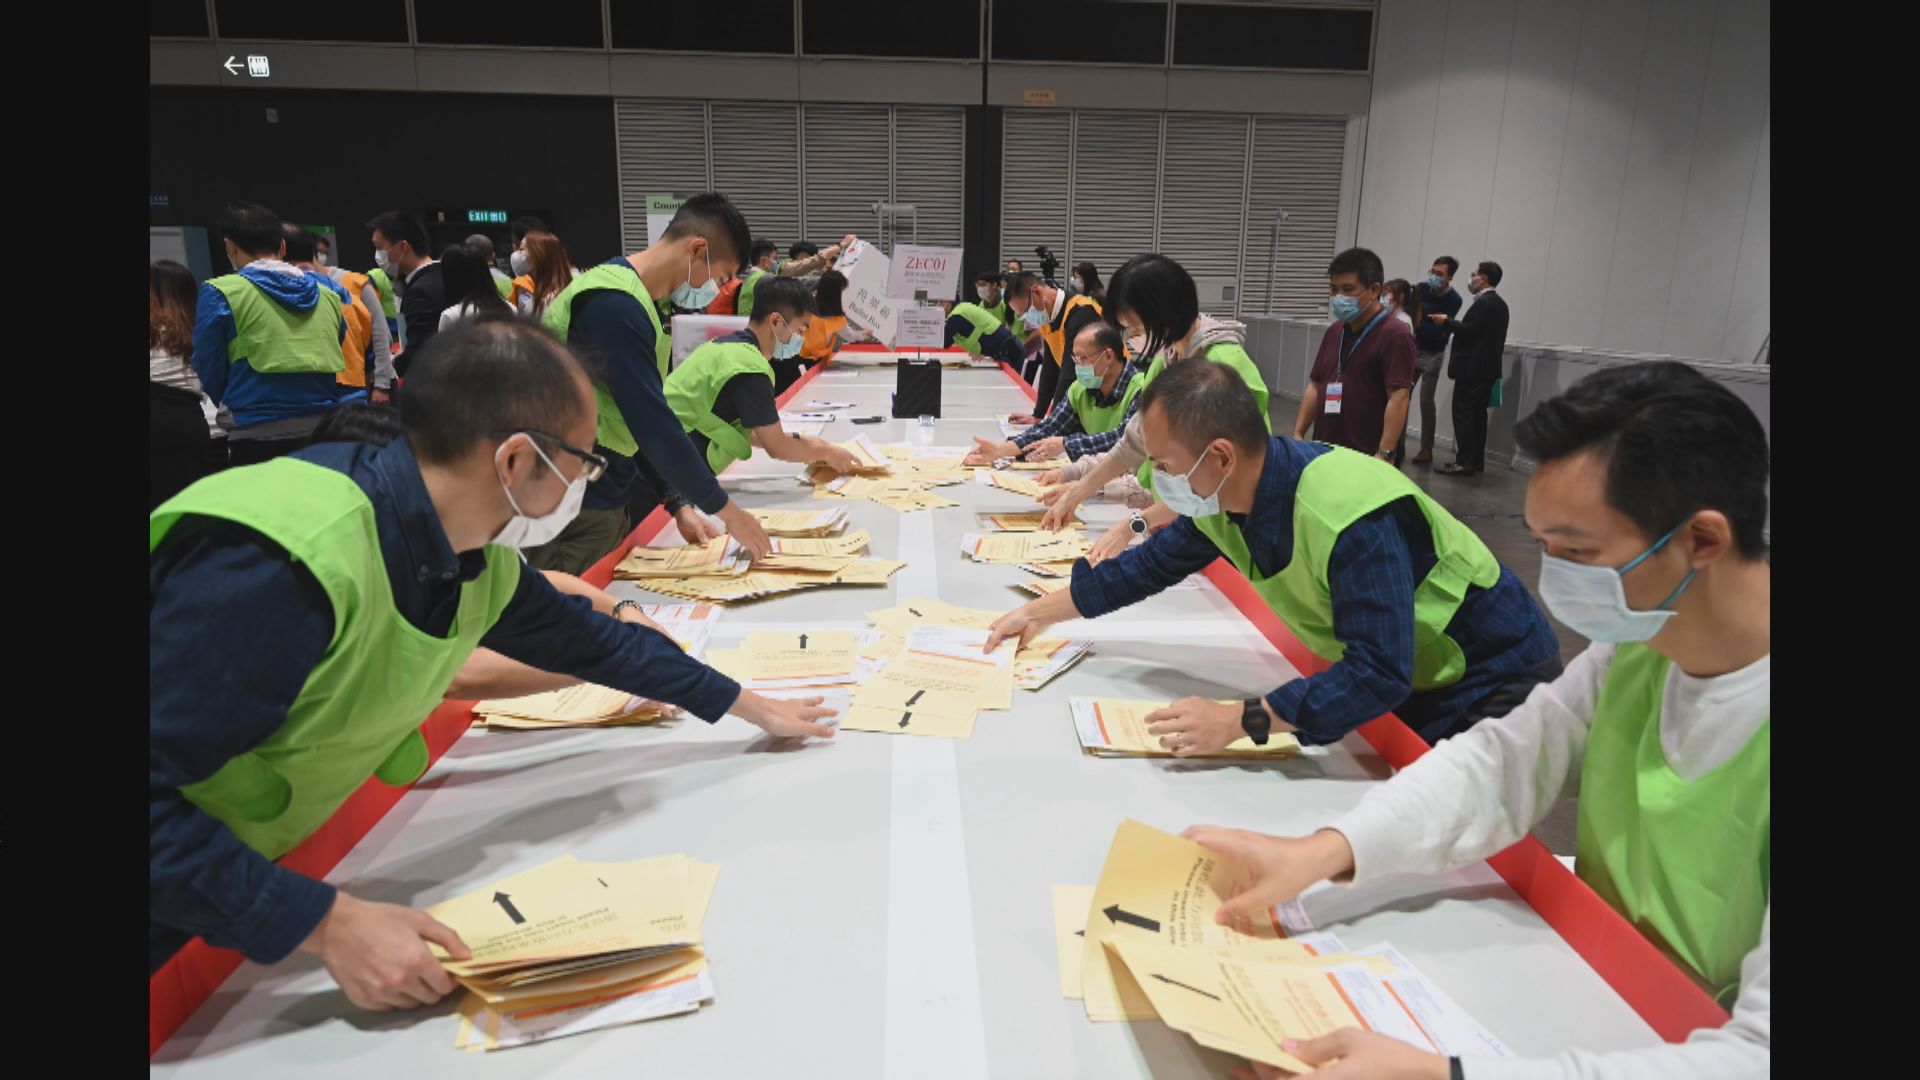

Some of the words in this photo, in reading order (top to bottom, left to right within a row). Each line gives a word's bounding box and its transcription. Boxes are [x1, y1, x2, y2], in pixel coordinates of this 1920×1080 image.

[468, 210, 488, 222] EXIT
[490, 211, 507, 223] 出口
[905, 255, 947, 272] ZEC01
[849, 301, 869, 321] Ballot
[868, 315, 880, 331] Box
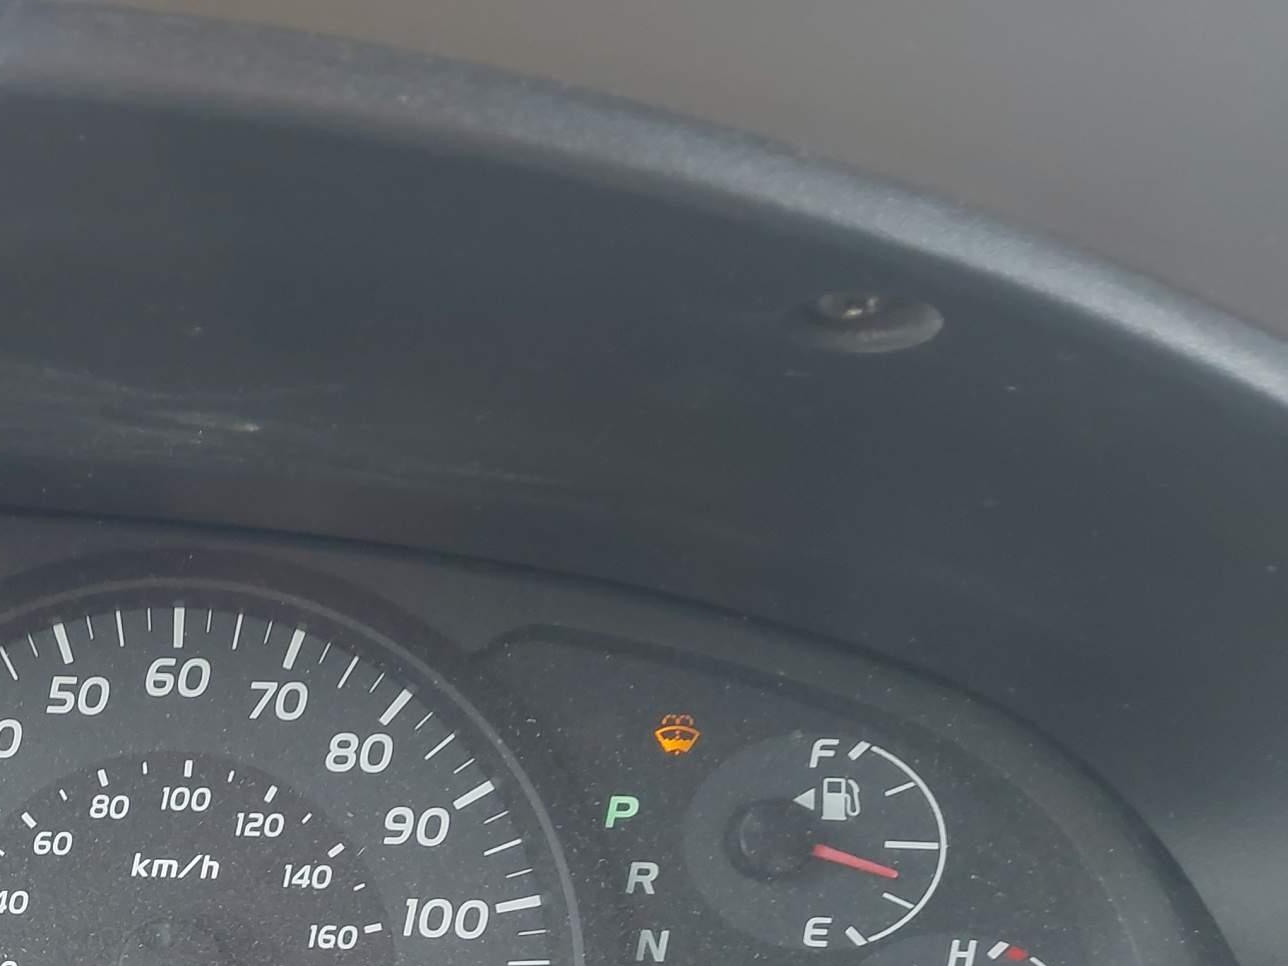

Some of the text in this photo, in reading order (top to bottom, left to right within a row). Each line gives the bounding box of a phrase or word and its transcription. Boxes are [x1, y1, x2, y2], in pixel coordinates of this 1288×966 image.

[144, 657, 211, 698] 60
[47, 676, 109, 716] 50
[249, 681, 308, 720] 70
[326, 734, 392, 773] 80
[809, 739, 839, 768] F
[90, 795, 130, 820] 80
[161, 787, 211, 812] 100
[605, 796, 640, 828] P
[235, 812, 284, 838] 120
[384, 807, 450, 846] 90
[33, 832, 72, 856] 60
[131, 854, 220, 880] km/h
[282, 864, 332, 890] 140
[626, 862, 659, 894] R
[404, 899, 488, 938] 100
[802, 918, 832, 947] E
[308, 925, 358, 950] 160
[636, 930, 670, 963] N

### TASK ITEM
Everything from the line containing "Some of the text" through the last line above should be copied exactly, please, with nothing added.

### THE ANSWER
Some of the text in this photo, in reading order (top to bottom, left to right within a row). Each line gives the bounding box of a phrase or word and its transcription. Boxes are [x1, y1, x2, y2], in pixel coordinates of this 1288×966 image.

[144, 657, 211, 698] 60
[47, 676, 109, 716] 50
[249, 681, 308, 720] 70
[326, 734, 392, 773] 80
[809, 739, 839, 768] F
[90, 795, 130, 820] 80
[161, 787, 211, 812] 100
[605, 796, 640, 828] P
[235, 812, 284, 838] 120
[384, 807, 450, 846] 90
[33, 832, 72, 856] 60
[131, 854, 220, 880] km/h
[282, 864, 332, 890] 140
[626, 862, 659, 894] R
[404, 899, 488, 938] 100
[802, 918, 832, 947] E
[308, 925, 358, 950] 160
[636, 930, 670, 963] N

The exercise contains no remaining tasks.